[Exercise requirements] An exact copy of every entry is needed, without the pictures.

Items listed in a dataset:
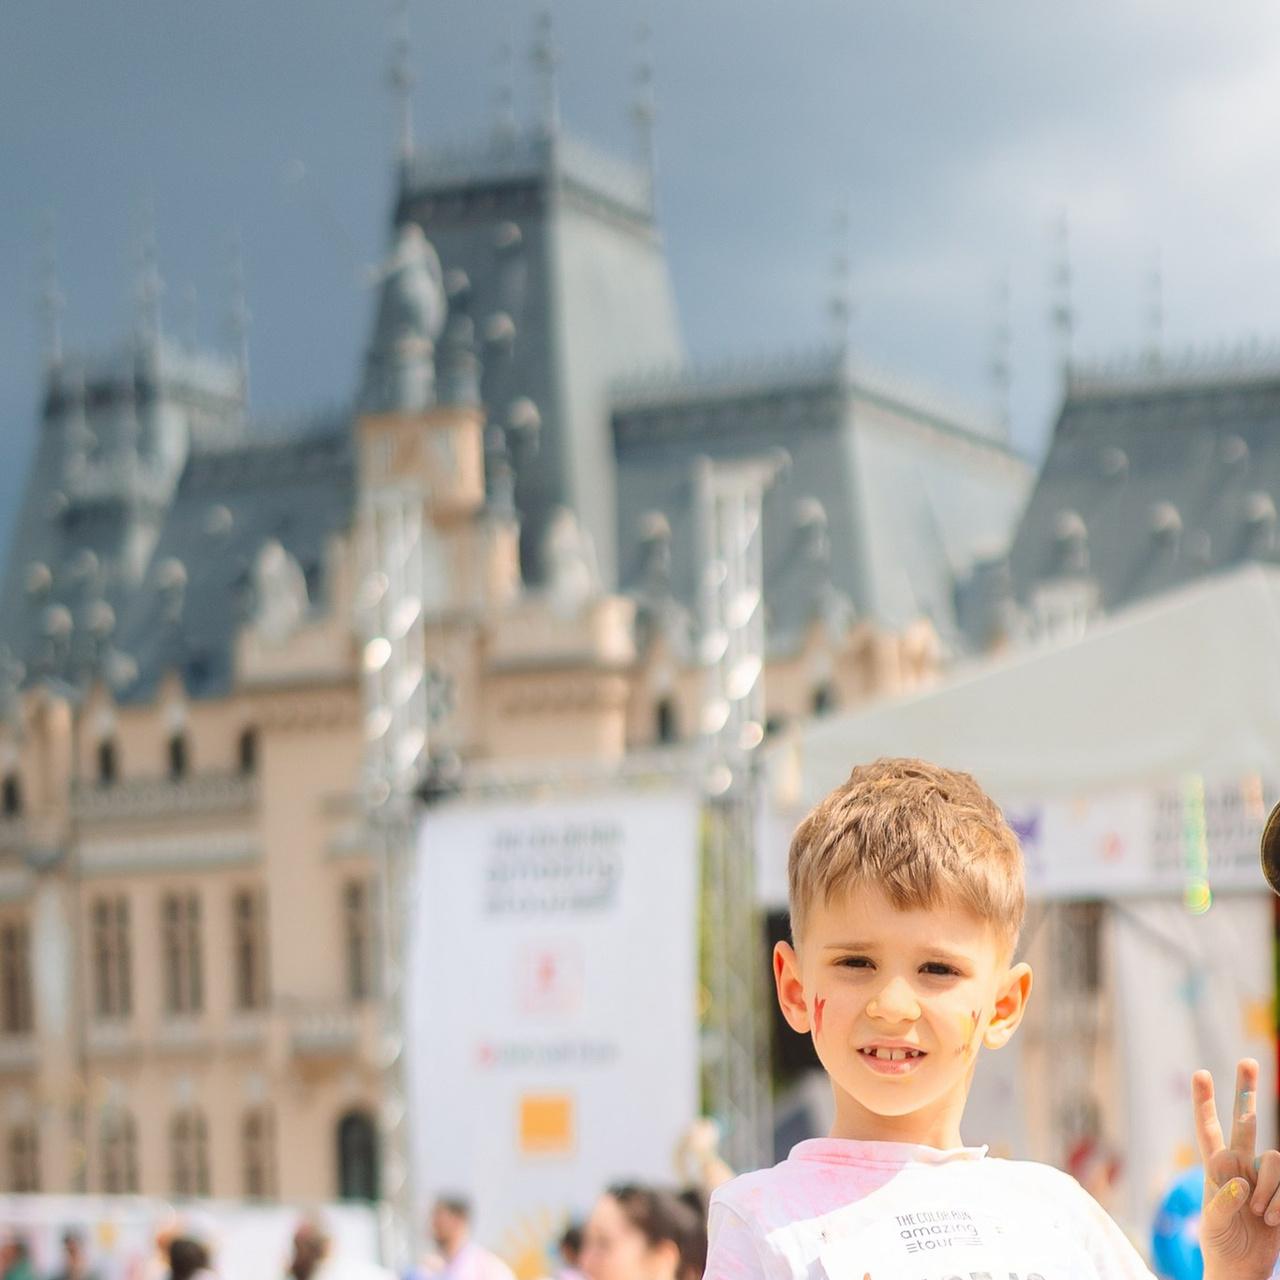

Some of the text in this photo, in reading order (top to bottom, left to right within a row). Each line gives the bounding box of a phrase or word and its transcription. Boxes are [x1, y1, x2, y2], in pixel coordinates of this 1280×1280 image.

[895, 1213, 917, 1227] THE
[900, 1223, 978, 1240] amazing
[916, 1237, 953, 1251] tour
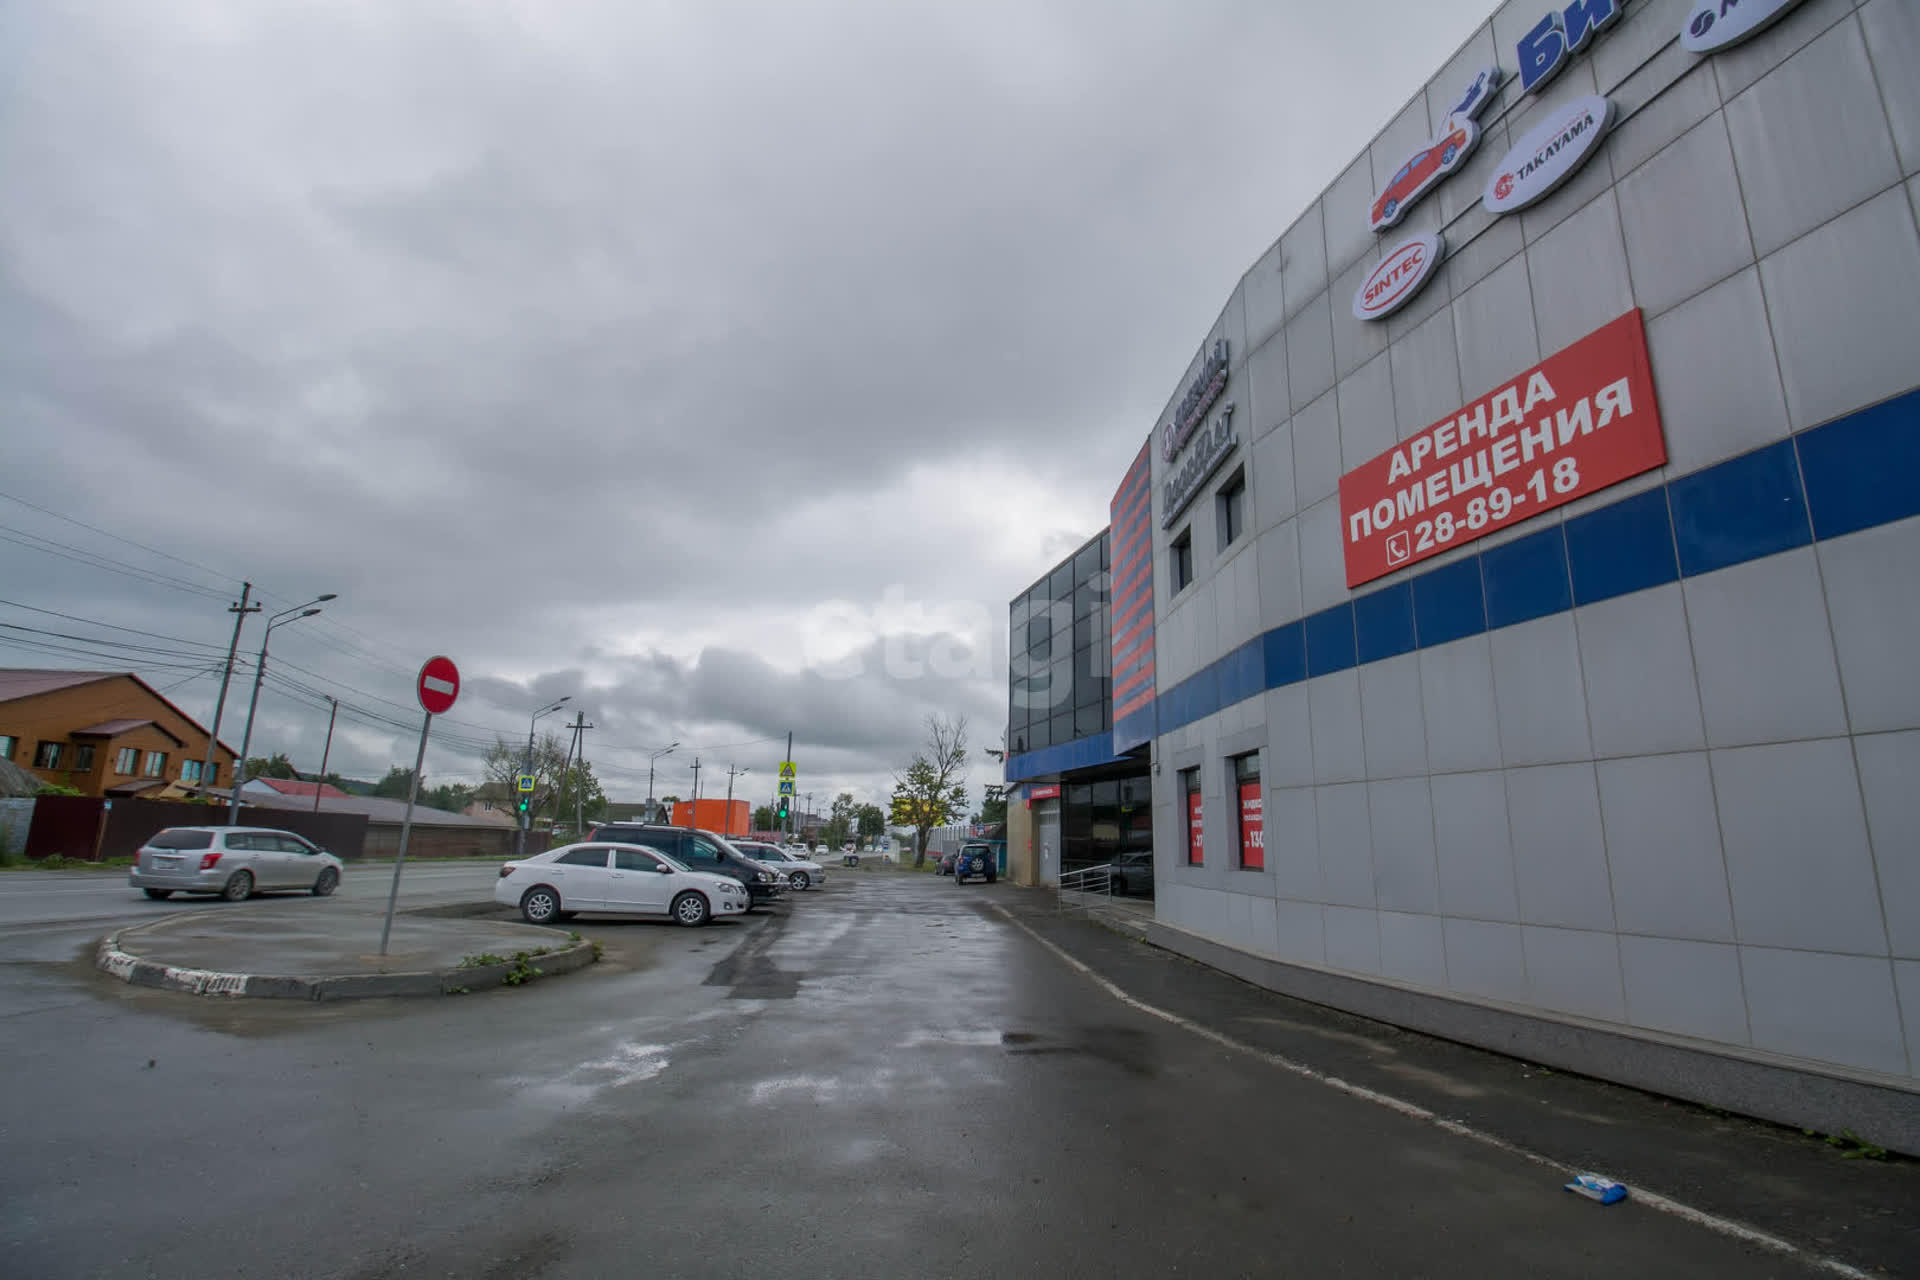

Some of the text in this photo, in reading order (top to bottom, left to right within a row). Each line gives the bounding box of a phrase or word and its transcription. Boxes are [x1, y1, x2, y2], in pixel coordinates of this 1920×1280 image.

[Written answer]
Some of the text in this photo, in reading order (top to bottom, left to right within a row). Each line gives the bounding box of a phrase or word and its transcription. Boxes are [x1, y1, x2, y2], in pixel coordinates of this 1280×1280 image.

[895, 1213, 917, 1227] THE
[900, 1223, 978, 1240] amazing
[916, 1237, 953, 1251] tour

Some of the text in this photo, in reading order (top to bottom, left to right within a row). Each line gives the bounding box of a phrase or word and its transcription. Boxes are [x1, y1, x2, y2], in pixel coordinates of this 1920×1280 image.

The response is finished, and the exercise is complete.